Mit dem Geld würden sich all meine Probleme in Luft auflösen, versprachen sie. Ich war ein leichtes Opfer.

Kaum hatten sie mir das Blaue vom Himmel versprochen, musste ich schon spüren, dass das Geld nicht einfach vom Himmel regnete, wenn meine „Kumpels“ das so wollten. Dabei war das anfangs alles nur ein kleiner Spaß gewesen, ein Zeitvertreib. Oder eine Chance, mein Leben in den Griff zu kriegen.

Sie trugen mir die Drecksarbeit auf. Ich sollte rauben und betrügen, während die Anderen neue Pläne ausarbeiteten.

Vor dieser erschreckenden Erfahrung hatte ich nie auch nur an ein Verbrechen gedacht. Ich hatte welche aus schlechten Krimis gekannt, vielleicht aus dem Fernsehen. Doch ich lernte sehr schnell dazu. Geld sah ich trotzdem niemals.

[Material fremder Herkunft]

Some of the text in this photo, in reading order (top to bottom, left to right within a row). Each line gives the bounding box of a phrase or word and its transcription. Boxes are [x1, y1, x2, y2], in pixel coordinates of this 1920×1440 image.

Und irgendwann musste es ja so kommen, dass sie mich schnappten. Meine tollen Freunde konnten fliehen und ich, ahnungslos und dumm, wurde auf frischer Tat ertappt. Bloß eine Supermarktkasse. Ich hatte der Kassiererin meine Waffe an die Stirn gehalten, als sie bei Ladenschluss gerade die Alarmanlage einschalten wollte, und mit einer Knarre vor dem Gesicht tun die Menschen wirklich alles für dich. Leider hatte ich nicht bemerkt, wie sie den Notknopf hinter der Kasse drückte.

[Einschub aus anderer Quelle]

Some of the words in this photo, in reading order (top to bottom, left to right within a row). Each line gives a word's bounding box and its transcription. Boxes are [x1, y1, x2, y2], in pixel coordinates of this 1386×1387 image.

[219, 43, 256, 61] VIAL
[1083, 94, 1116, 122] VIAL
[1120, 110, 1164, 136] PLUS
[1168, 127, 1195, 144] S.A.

Vor Gericht hatten sie mir noch einige andere Straftaten nachweisen können. Und ruckzuck – Hier saß ich.
 

Ich hatte einige Monate abzusitzen, doch nächsten Monat war es geschafft. Ich würde endlich wieder ungesiebte Luft schnuppern können.

Unbeholfen erhob ich mich vom Bett und machte ein paar Schritte.

Vom Fenster bis zur Tür waren es nur knapp 4 Schritte. Über dem Waschbecken hing ein Spiegel, ich traute mich aber nicht hineinzuschauen.

Viel zu große Angst vor meinem fast leblosen Gesicht. Es musste aussehen wie das Mondgesicht – Punkt, Punkt, Komma, Strich. Der Mann im Mond musste ziemlich ausdruckslos ausschauen, überlegte ich mir.

Missmutig drehte ich den Hahn auf und klatschte mir eine Ladung eiskaltes Wasser ins Gesicht.
 

Wenn ich hier rauskam, konnte ich doch nicht so weitermachen wie bisher. Auf keinen Fall! Das war hier doch eigentlich ein kräftiger Schubs in den Neustart! Nein, schon eher eine Tracht Prügel, aber wie auch immer – Hier sollte man doch „über seine Taten nachdenken“, oder nicht?

Und dann … sein Leben umkrempeln? Ein guter Bürger werden? Keine Dummheiten mehr anstellen?

Das war doch eine Chance, ich wollte es nur nicht wahrhaben.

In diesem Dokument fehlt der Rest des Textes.